While this setup is relatively secure (since the correct key must be presented to the master cluster node and logs are sent encrypted over the Internet), it means that anyone who can become root on the central grid host also has complete control of the cluster master node (and probably the entire cluster). Moreover, if the central grid host is ever compromised, then the cluster master node (and probably the entire cluster) should be considered compromised as well.
One way of restricting privileges on the cluster and reducing the impact of a security compromise is to have syslog-ng run as a non-root user on the master node. Nevertheless, some additional security risk is incurred as a result of trusting the central grid host.

Log Forwarding via stunnel

An alternative mechanism for sending encrypted system logs to a central grid host over the Internet is to employ stunnel, the universal SSL tunnel program. Operating much like the reverse tunnel created with ssh described above, stunnel accepts local connections and encrypts and forwards data to a remote host. The stunnel wrapper is frequently used to provide SSL-encrypted transport for non-SSL-aware daemons.
In this case, you want to establish a persistent connection between specific ports on two hosts. The easiest and most secure way to set this up is to create SSL certificates on each host, then provide the public portions of these certificates to the other host. On the master cluster node (again assuming it is running Fedora Core 4), an appropriate certificate can be created using the commands in Figure Three.

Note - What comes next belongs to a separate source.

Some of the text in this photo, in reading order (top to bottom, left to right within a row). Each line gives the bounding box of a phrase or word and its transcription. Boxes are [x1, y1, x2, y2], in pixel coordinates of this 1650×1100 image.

FIGURE THREE: Creating an SSL certificate on the master node
[root@master ~]# cd /etc/pki/tls/certs
[root@master certs]# make syslog-ng-client.pem
[root@master certs]# mv syslog-ng-client.pem /etc/stunnel/
[root@master stunnel]# cp syslog-ng-client.pem syslog-ng-client.pem.4server
Then using an editor, remove the private section from syslog-ng-client.pem.4server. This file now contains the public portion of the certificate needed by the central grid host to verify the identity of the master node in establishing the encrypted tunnel.

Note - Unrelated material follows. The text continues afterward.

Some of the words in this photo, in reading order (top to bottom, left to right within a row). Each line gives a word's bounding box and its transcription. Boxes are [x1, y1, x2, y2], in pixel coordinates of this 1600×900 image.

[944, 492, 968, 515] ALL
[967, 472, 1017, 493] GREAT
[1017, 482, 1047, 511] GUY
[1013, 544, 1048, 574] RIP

On the central grid host, a similar certificate can be created, as shown in Figure Four.
FIGURE FOUR: Creating an SSL certificate on the central grid host
[root@gridhost ~]# cd /etc/pki/tls/certs
[root@gridhost certs]# make syslog-ng-server.pem
[root@gridhost certs]# mv syslog-ng-server.pem /etc/stunnel/
[root@gridhost stunnel]# cp syslog-ng-server.pem syslog-ng-server.pem.4clients
Again, with an editor, remove the private section from syslog-ng-server.pem.4clients. This file now contains the public portion of the certificate needed by the cluster master node to verify the identity of the grid host in establishing the tunnel.

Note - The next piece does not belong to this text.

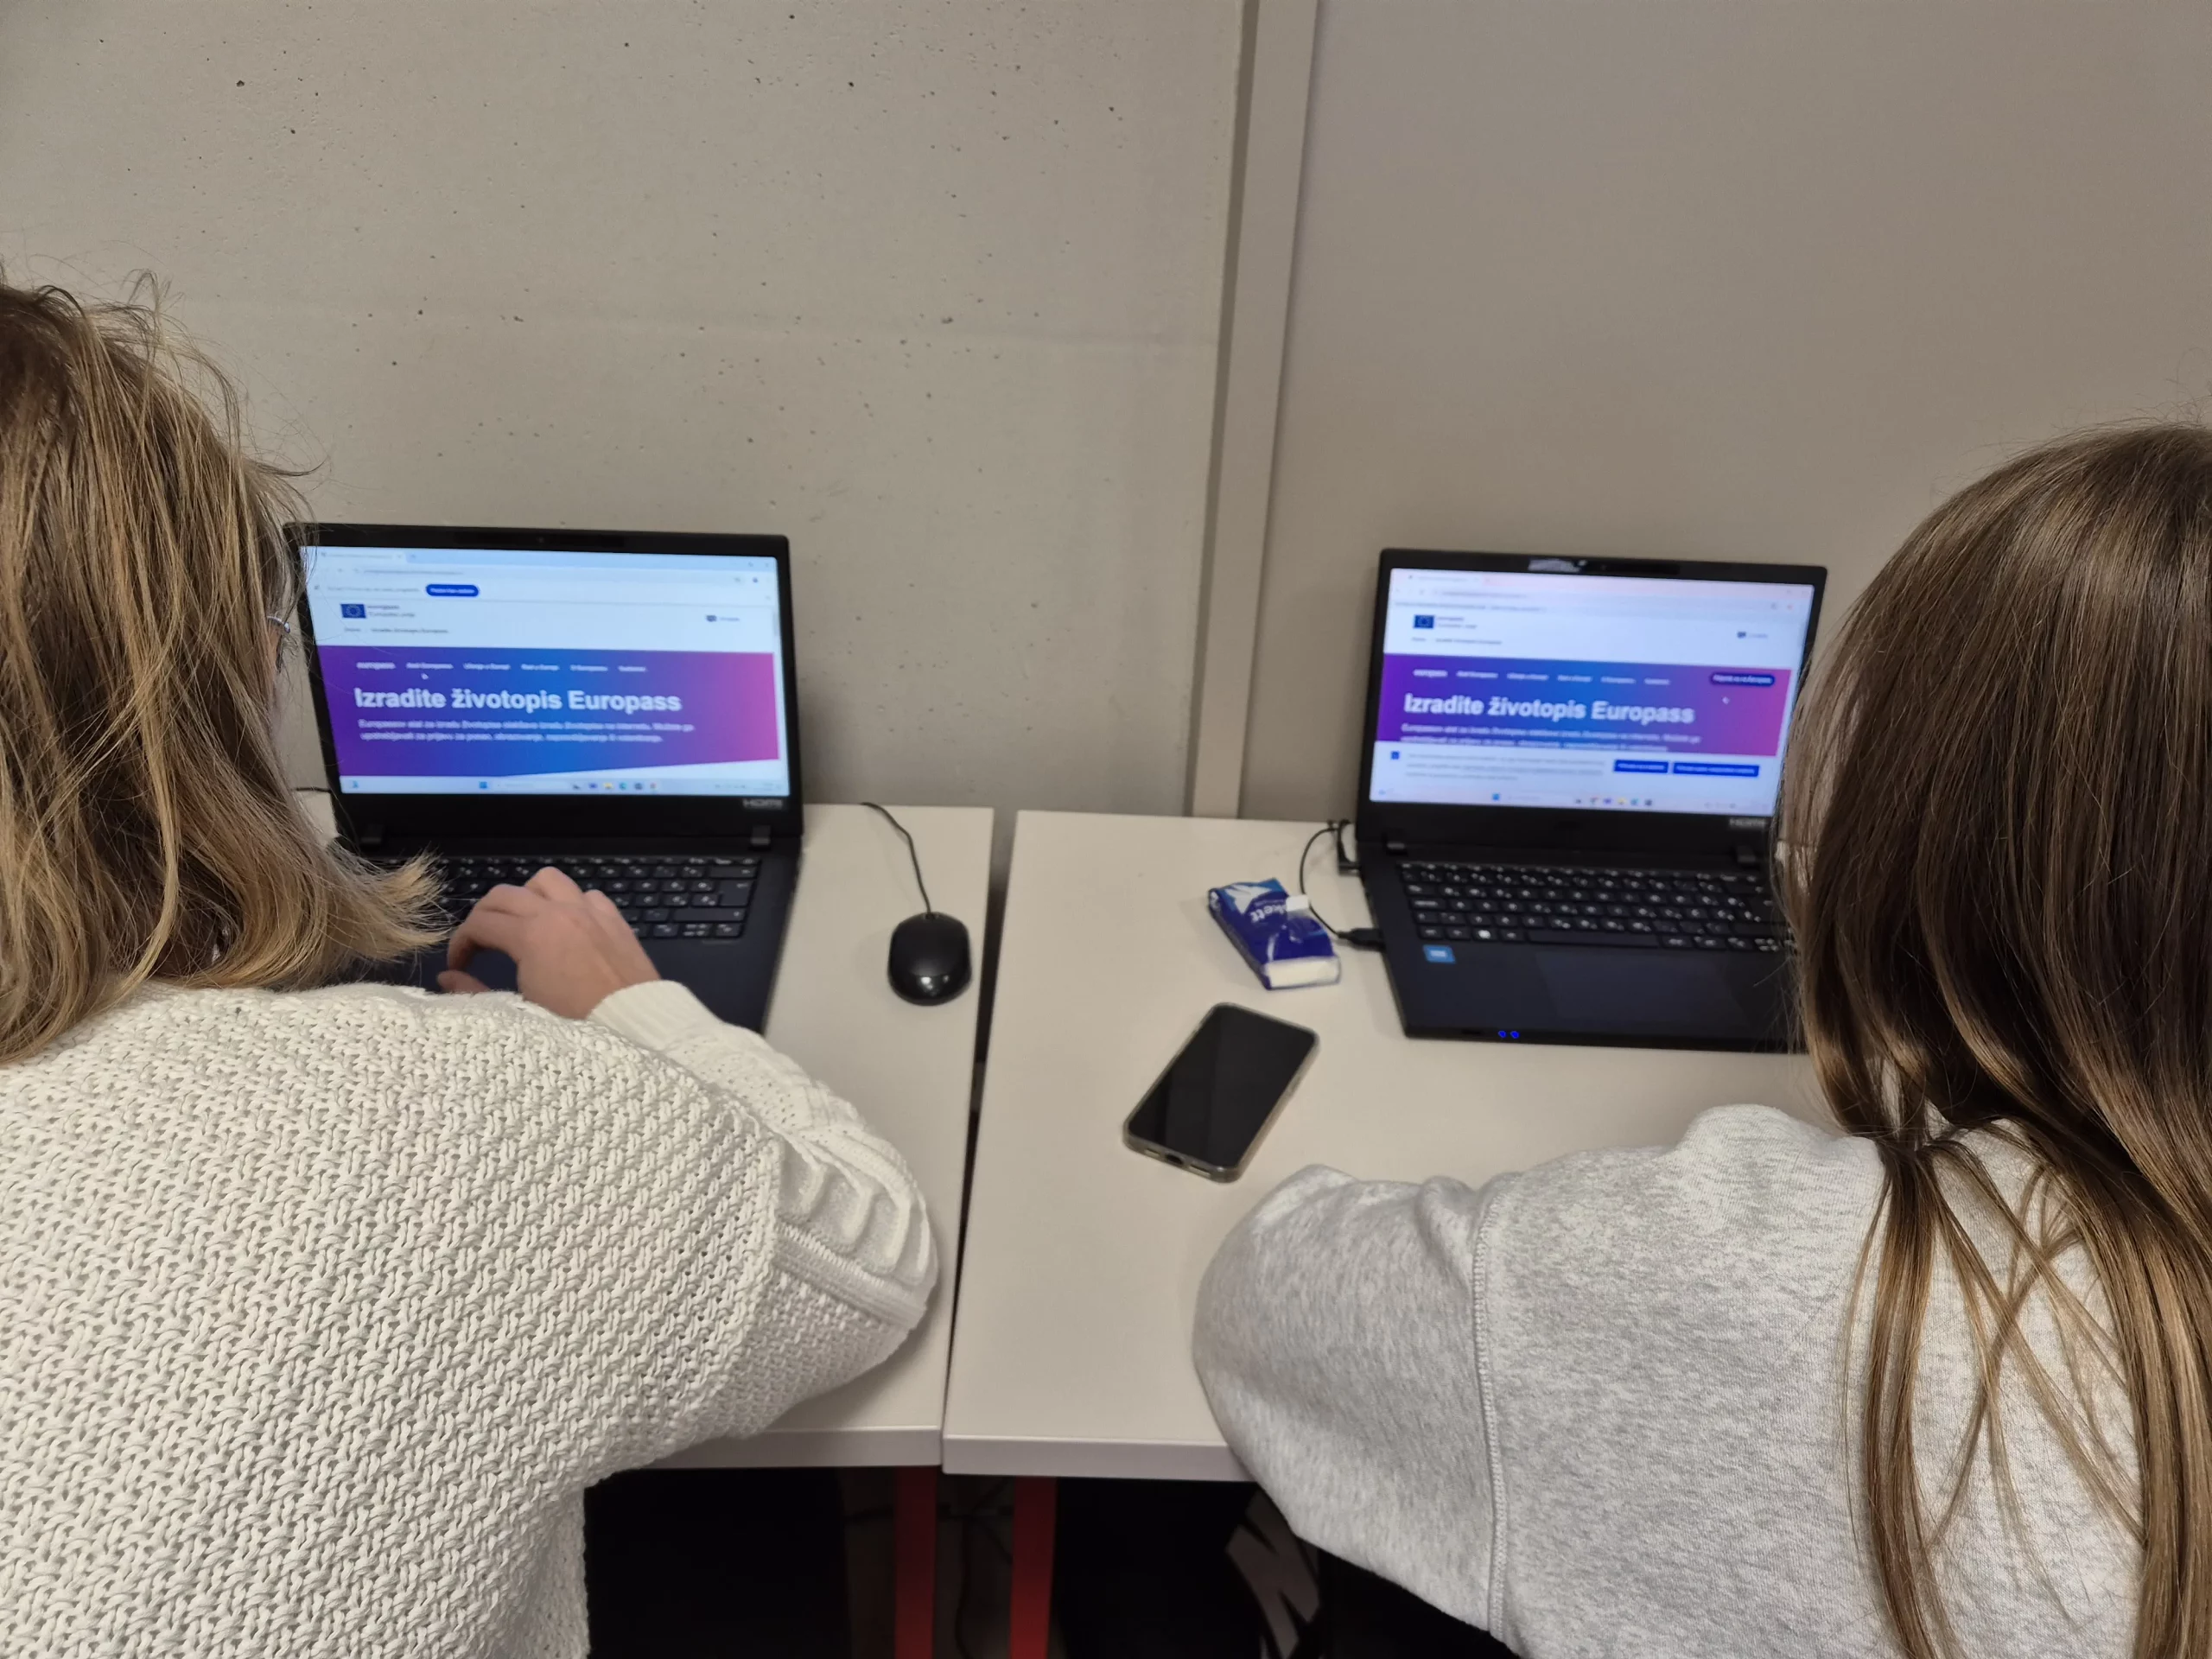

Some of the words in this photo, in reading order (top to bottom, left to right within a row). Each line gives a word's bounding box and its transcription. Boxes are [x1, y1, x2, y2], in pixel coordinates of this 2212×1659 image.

The syslog-ng-client.pem.4server file from the master node should be appended to a file called /etc/stunnel/syslog-ng-client.pem on the central grid host. This file contains all the public certificates from all of the clients that have syslog-ng stunnel connections. Similarly the syslog-ng-server.pem.4clients file from the grid host should be copied to a file called /etc/stunnel/syslog-ng-server.pem on all master cluster nodes.
Now that the certificates are all in place, a configuration file for stunnel is needed. This file should be called /etc/stunnel/stunnel.conf on both the master node and the central grid host. On the grid host, the file should contain the following:
cert = /etc/stunnel/syslog-ng-server.pem
CAfile = /etc/stunnel/syslog-ng-client.pem
verify = 3
accept = gridhost:5140
connect =
The cert entry points stunnel to the server’s PEM-encoded certificate (which contains both the private and public sections). The CAfile entry points to the file containing the public portion of the master node’s certificate. The verify entry is set to 3 which tells stunnel to verify the client’s identity using the locally installed certificate (contained in the CAfile file). Next, a configuration section labeled [5140] contains two entries: accept and connect.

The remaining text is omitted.